*** Recorded data ***

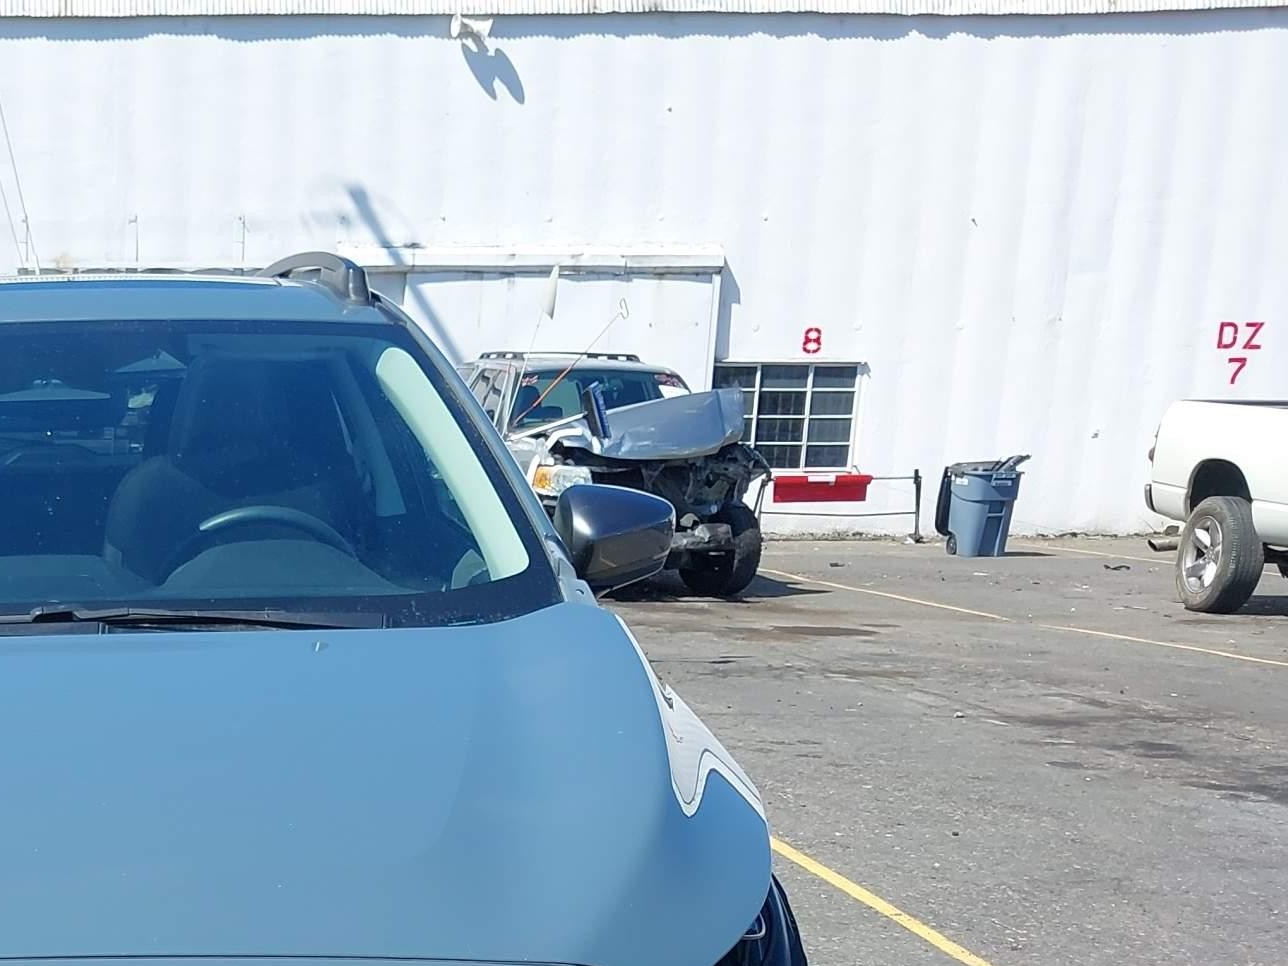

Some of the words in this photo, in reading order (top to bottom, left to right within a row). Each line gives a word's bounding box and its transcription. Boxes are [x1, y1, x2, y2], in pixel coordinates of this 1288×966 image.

[802, 327, 822, 354] 8
[1217, 321, 1265, 349] DZ
[1228, 357, 1248, 385] 7
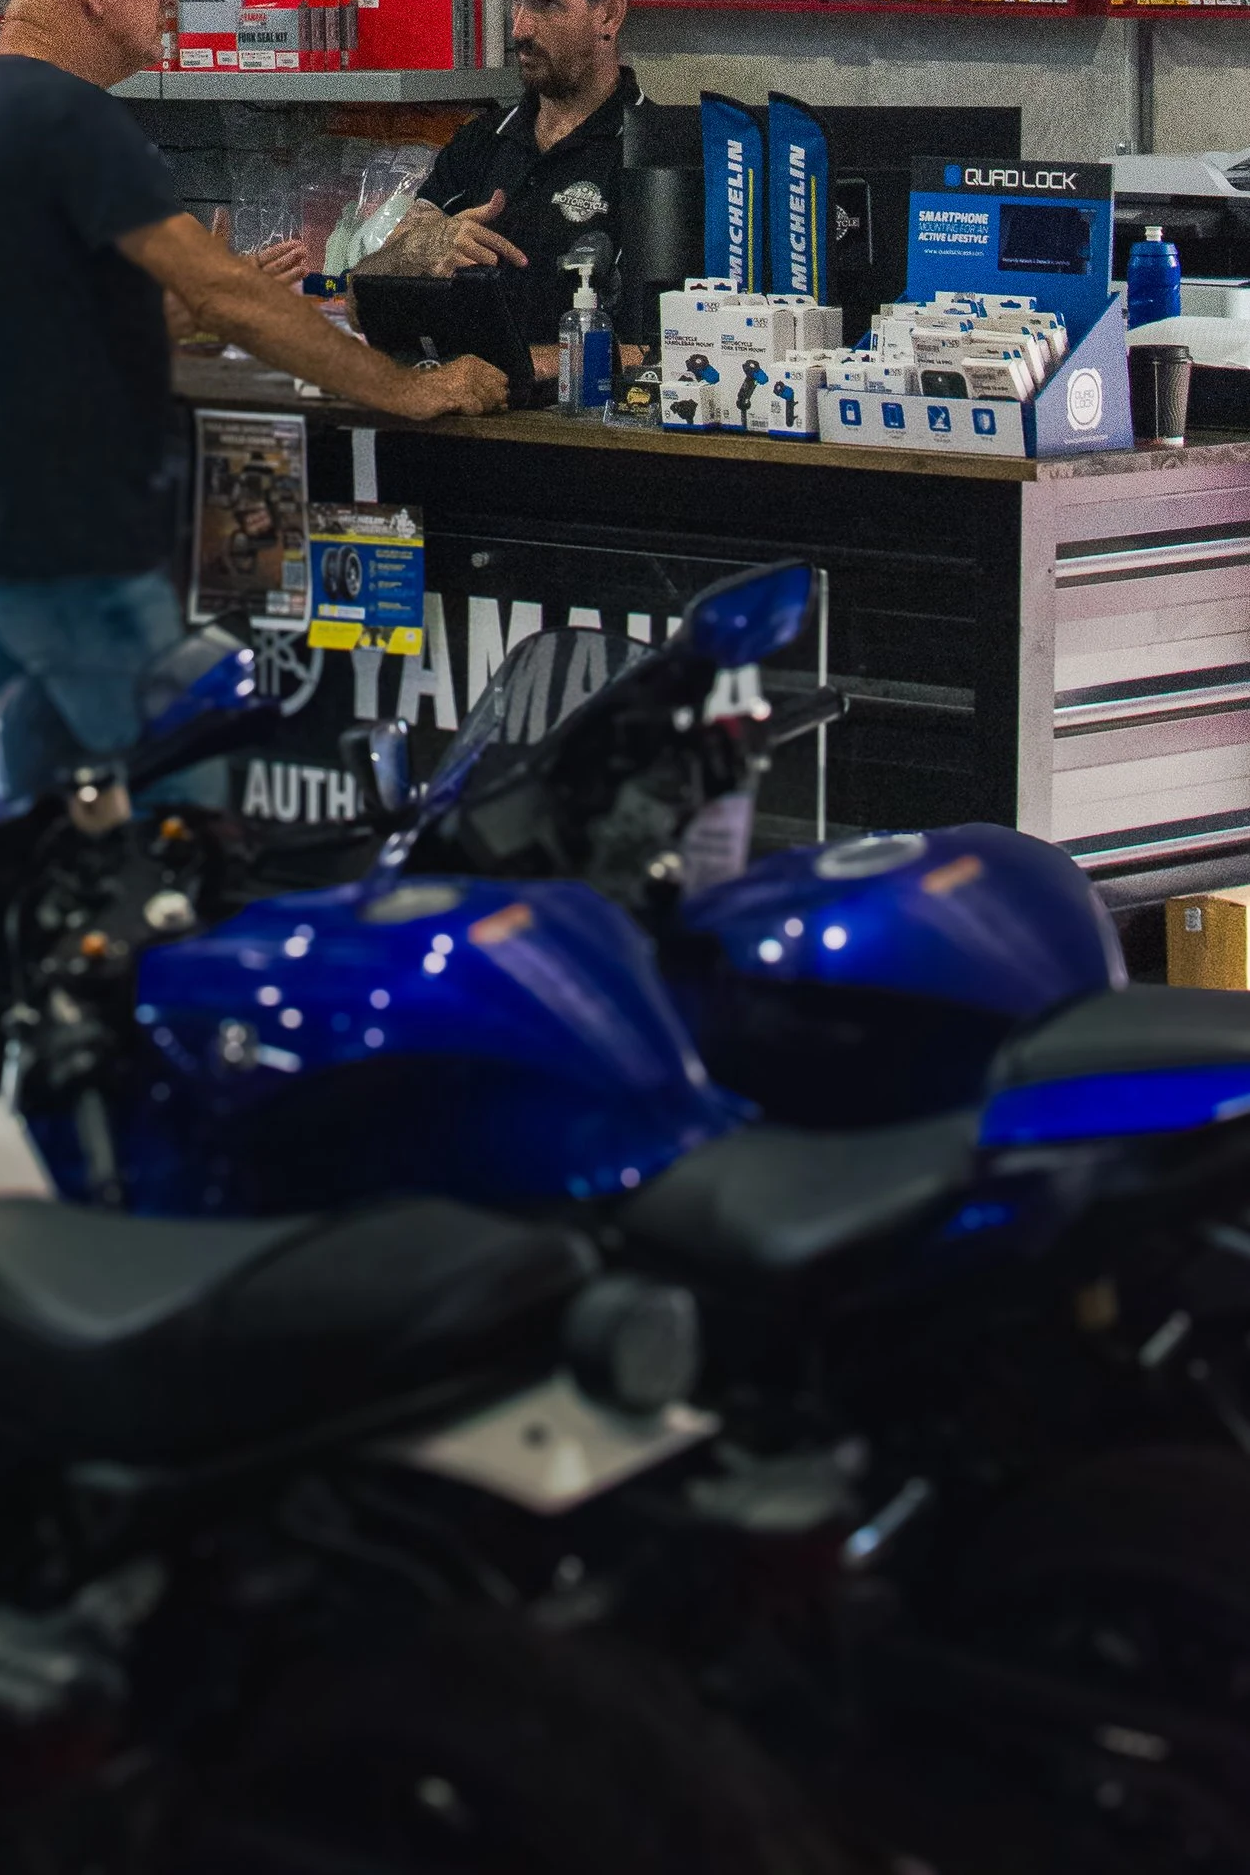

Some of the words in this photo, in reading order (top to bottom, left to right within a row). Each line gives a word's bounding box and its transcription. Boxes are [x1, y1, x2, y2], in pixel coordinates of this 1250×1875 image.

[238, 32, 256, 43] FORK
[256, 32, 275, 43] SEAL
[275, 32, 288, 43] KIT
[964, 168, 1020, 188] QUAD
[1022, 170, 1078, 190] LOCK
[551, 194, 609, 212] MOTORCYCLE
[727, 138, 745, 285] MICHELIN
[790, 143, 807, 292] MICHELIN
[918, 210, 990, 224] SMARTPHONE
[917, 232, 947, 242] ACTIVE
[947, 233, 990, 245] LIFESTYLE

***

◆ Requirement
All of the data above is to be repeated exactly, with the pictures left out.

◆ Answer
Some of the words in this photo, in reading order (top to bottom, left to right within a row). Each line gives a word's bounding box and its transcription. Boxes are [x1, y1, x2, y2], in pixel coordinates of this 1288×966 image.

[802, 327, 822, 354] 8
[1217, 321, 1265, 349] DZ
[1228, 357, 1248, 385] 7

Some of the words in this photo, in reading order (top to bottom, left to right within a row). Each line gives a word's bounding box and its transcription. Boxes are [x1, y1, x2, y2], in pixel coordinates of this 1250×1875 image.

[238, 32, 256, 43] FORK
[256, 32, 275, 43] SEAL
[275, 32, 288, 43] KIT
[964, 168, 1020, 188] QUAD
[1022, 170, 1078, 190] LOCK
[551, 194, 609, 212] MOTORCYCLE
[727, 138, 745, 285] MICHELIN
[790, 143, 807, 292] MICHELIN
[918, 210, 990, 224] SMARTPHONE
[917, 232, 947, 242] ACTIVE
[947, 233, 990, 245] LIFESTYLE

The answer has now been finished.